1
1
openmpi/ompi/mca/common/sm/common_sm_sysv.c

465 строки
14 KiB
C
Исходник Обычный вид История

/*
* Copyright (c) 2004-2010 The Trustees of Indiana University and Indiana
* University Research and Technology
* Corporation. All rights reserved.
* Copyright (c) 2004-2005 The University of Tennessee and The University
* of Tennessee Research Foundation.
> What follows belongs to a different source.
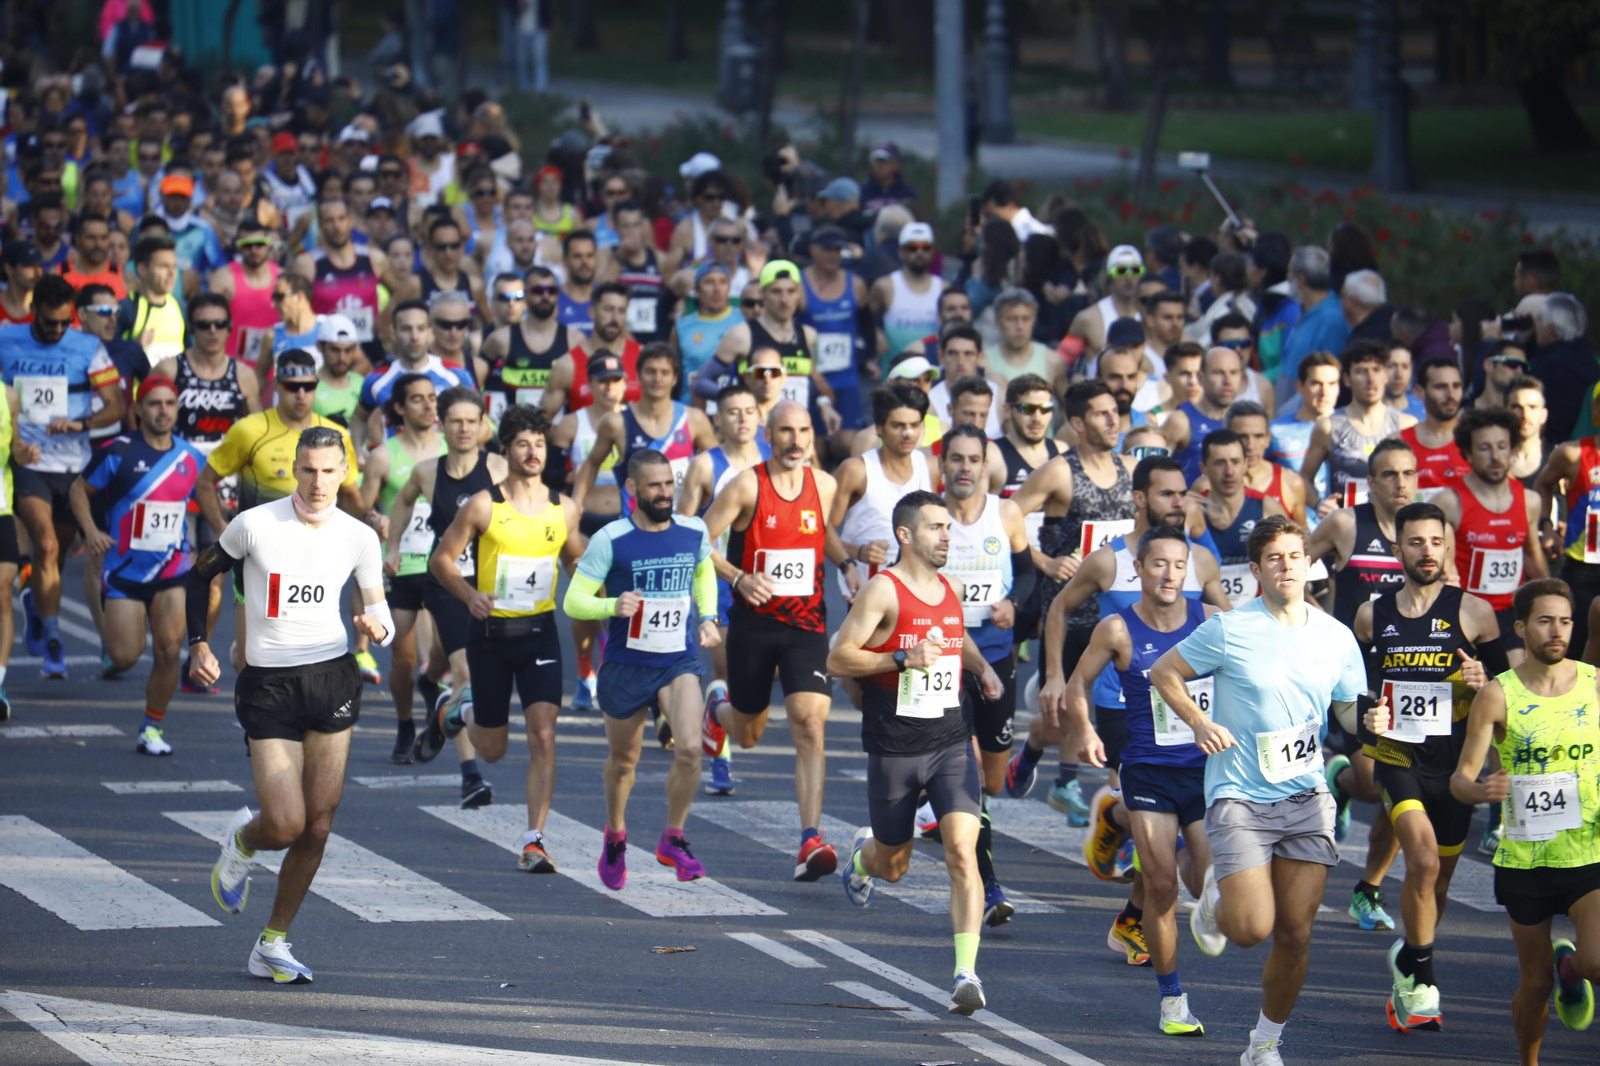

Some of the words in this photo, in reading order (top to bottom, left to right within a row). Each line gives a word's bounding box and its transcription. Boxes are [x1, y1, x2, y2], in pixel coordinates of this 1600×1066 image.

All rights
* reserved.
* Copyright (c) 2004-2005 High Performance Computing Center Stuttgart,
* University of Stuttgart. All rights reserved.
* Copyright (c) 2004-2005 The Regents of the University of California.
* All rights reserved.
* Copyright (c) 2007 Sun Microsystems, Inc. All rights reserved.
* Copyright (c) 2008-2010 Cisco Systems, Inc. All rights reserved.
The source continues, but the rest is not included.